Examples of What Youll Build
- A robust image ingestion and enrichment pipeline that validates assets, extracts OCR/UPC, computes embeddings, tracks lineage, and publishes search-ready views.
- A hybrid retrieval layer (vector + filters) across Cosmos DB and Azure AI Search to power similarity search and recommendations.
Minimum Qualifications
- Very strong Python and SQL skills (comfortable analysing complex query plans and working with both PySpark and pandas).

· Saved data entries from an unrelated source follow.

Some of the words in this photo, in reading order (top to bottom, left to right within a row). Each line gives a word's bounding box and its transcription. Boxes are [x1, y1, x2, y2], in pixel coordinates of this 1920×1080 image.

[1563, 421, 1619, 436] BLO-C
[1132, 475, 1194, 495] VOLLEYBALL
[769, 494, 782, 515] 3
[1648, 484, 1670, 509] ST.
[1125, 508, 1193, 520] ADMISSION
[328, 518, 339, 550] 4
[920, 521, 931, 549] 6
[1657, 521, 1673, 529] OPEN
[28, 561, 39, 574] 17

- 7+ years experience in data engineering/architecture with end-to-end ownership of production SQL databases and pipelines.
- Deep hands-on experience with Azure data services: ADLS Gen2, Data Factory/Synapse/Databricks, Azure SQL/SQL Server, Functions, Event Hubs/Service Bus, Key Vault.
- Solid background in data modeling (star/snowflake, Data Vault/Lakehouse), CDC/SCD patterns, and semantic modeling (dbt or equivalent).
- Proven track record implementing data quality frameworks, lineage, and performance/cost guardrails at scale.
- Strong understanding of multi-tenant SaaS architectures, security, and privacy (including core GDPR concepts).
Nice to Have
- Experience with Cosmos DB (including vector capabilities) and Azure AI Search; exposure to embedding pipelines for images/text.
- Background in feature stores, MLflow or similar model registries, and real-time inference pipelines.
- Knowledge of SQL Server internals, PolyBase/Serverless SQL; familiarity with Postgres.
- Experience rolling out Purview, governance frameworks, and data product operating models.
Our Clients Technology Stack
- Cloud & Data: Azure (ADLS Gen2, Data Factory, Synapse, Databricks, Functions, Event Hubs, Key Vault, Monitor)
- Storage & Compute: Delta/Parquet, Azure SQL/SQL Server, Cosmos DB (vector), Azure AI Search
- Languages & Tools: Python (pandas, PySpark, FastAPI for data services), dbt (or equivalent), GitHub Actions, Terraform/Bicep
- Observability: OpenTelemetry, Azure Monitor/App Insights, Sentry/Datadog (as applicable)